PROBLEM TO SOLVE: Print the entries verbatim, leaving out the images they contain.

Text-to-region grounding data
*** Begin section ***

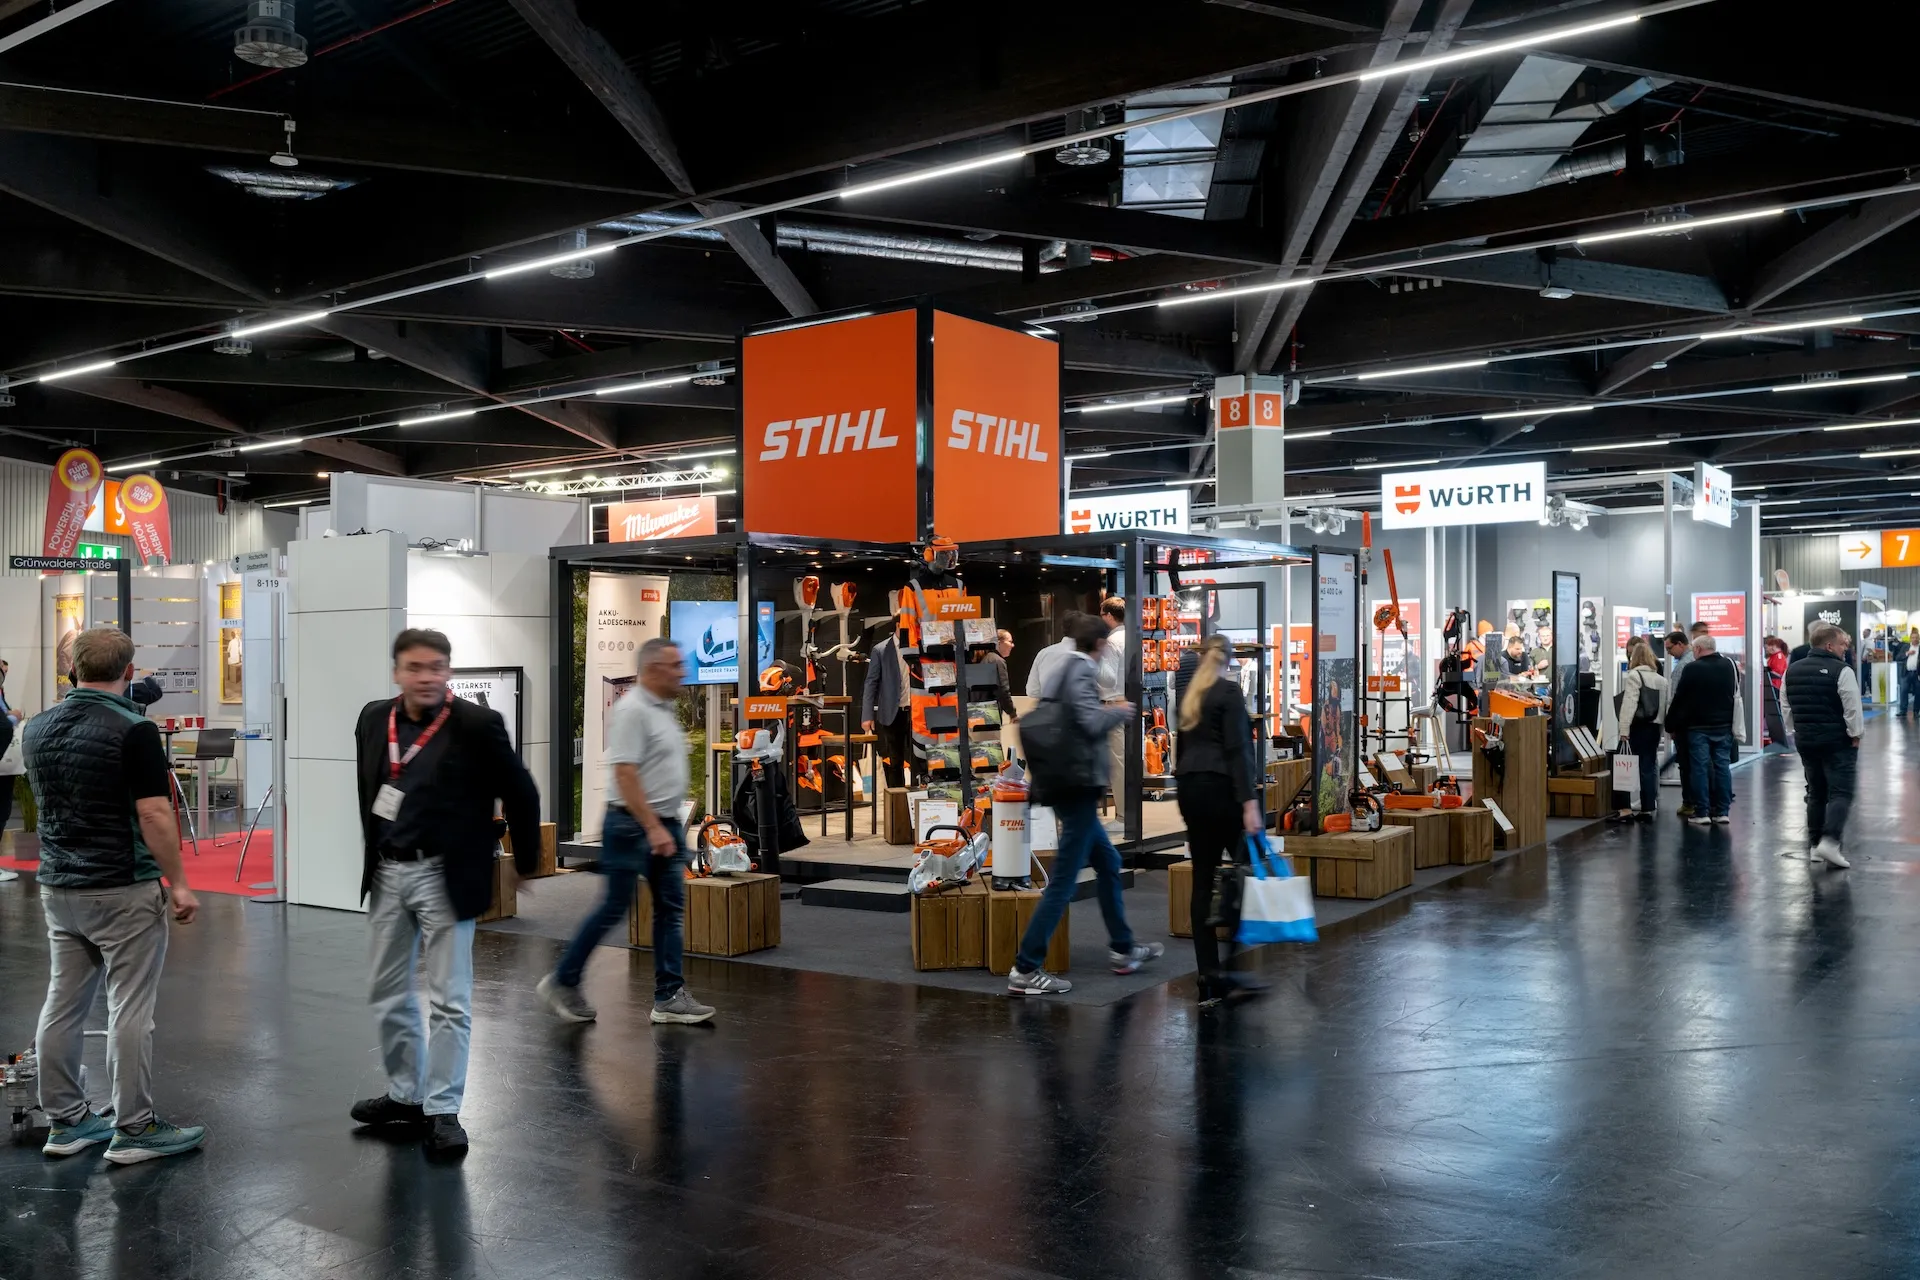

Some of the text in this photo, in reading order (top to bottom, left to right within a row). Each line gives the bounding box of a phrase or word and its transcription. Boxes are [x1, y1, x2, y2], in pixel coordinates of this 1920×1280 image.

[1229, 400, 1241, 421] 8
[1263, 400, 1273, 420] 8
[759, 407, 898, 462] STIHL
[948, 409, 1048, 462] STIHL
[68, 462, 88, 476] FLUID
[73, 469, 90, 481] FILM
[48, 502, 75, 550] POWERFUL
[620, 503, 700, 541] Milwaukee
[1896, 535, 1910, 560] 7
[14, 558, 111, 569] Grünwalder-Straße
[257, 579, 279, 587] 8-119
[940, 603, 976, 613] STIHL
[1818, 609, 1841, 618] vinci
[457, 681, 492, 689] STÄRKSTE
[749, 703, 783, 713] STIHL
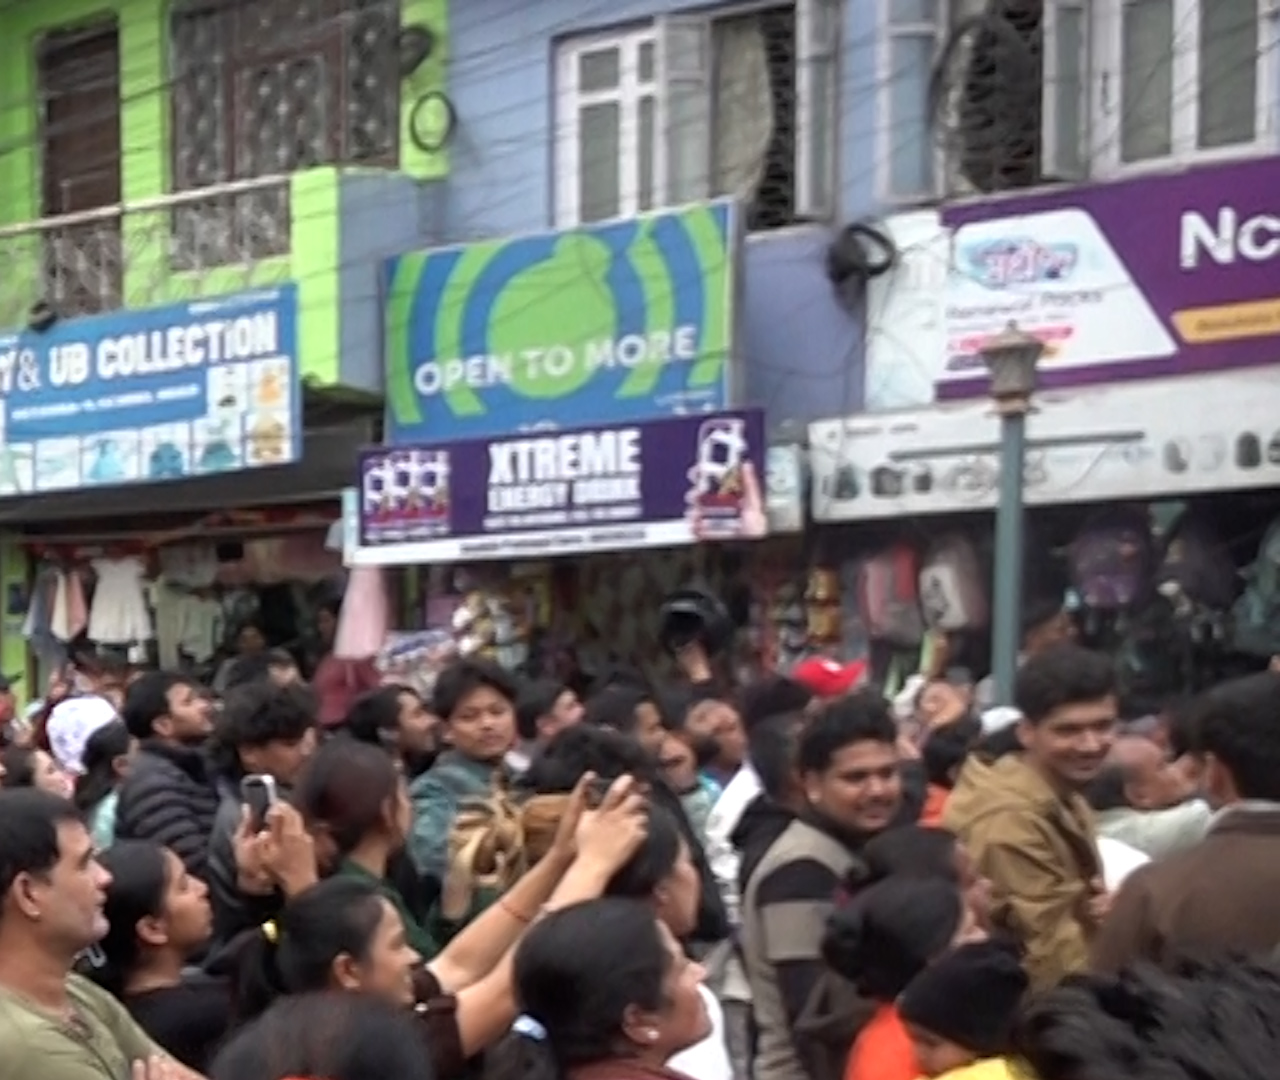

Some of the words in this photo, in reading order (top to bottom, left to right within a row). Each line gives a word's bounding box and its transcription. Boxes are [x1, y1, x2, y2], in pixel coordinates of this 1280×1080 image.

[16, 350, 41, 392] &
[49, 342, 89, 387] UB
[97, 311, 278, 380] COLLECTION
[413, 352, 513, 397] OPEN
[525, 345, 574, 381] TO
[585, 325, 698, 379] MORE
[489, 428, 641, 484] XTREME

*** End section ***

RESPONSE AREA:
Some of the text in this photo, in reading order (top to bottom, left to right within a row). Each line gives the bounding box of a phrase or word and its transcription. Boxes are [x1, y1, x2, y2], in pixel coordinates of this 1920×1280 image.

[1229, 400, 1241, 421] 8
[1263, 400, 1273, 420] 8
[759, 407, 898, 462] STIHL
[948, 409, 1048, 462] STIHL
[68, 462, 88, 476] FLUID
[73, 469, 90, 481] FILM
[48, 502, 75, 550] POWERFUL
[620, 503, 700, 541] Milwaukee
[1896, 535, 1910, 560] 7
[14, 558, 111, 569] Grünwalder-Straße
[257, 579, 279, 587] 8-119
[940, 603, 976, 613] STIHL
[1818, 609, 1841, 618] vinci
[457, 681, 492, 689] STÄRKSTE
[749, 703, 783, 713] STIHL

Some of the words in this photo, in reading order (top to bottom, left to right within a row). Each line gives a word's bounding box and its transcription. Boxes are [x1, y1, x2, y2], in pixel coordinates of this 1280×1080 image.

[16, 350, 41, 392] &
[49, 342, 89, 387] UB
[97, 311, 278, 380] COLLECTION
[413, 352, 513, 397] OPEN
[525, 345, 574, 381] TO
[585, 325, 698, 379] MORE
[489, 428, 641, 484] XTREME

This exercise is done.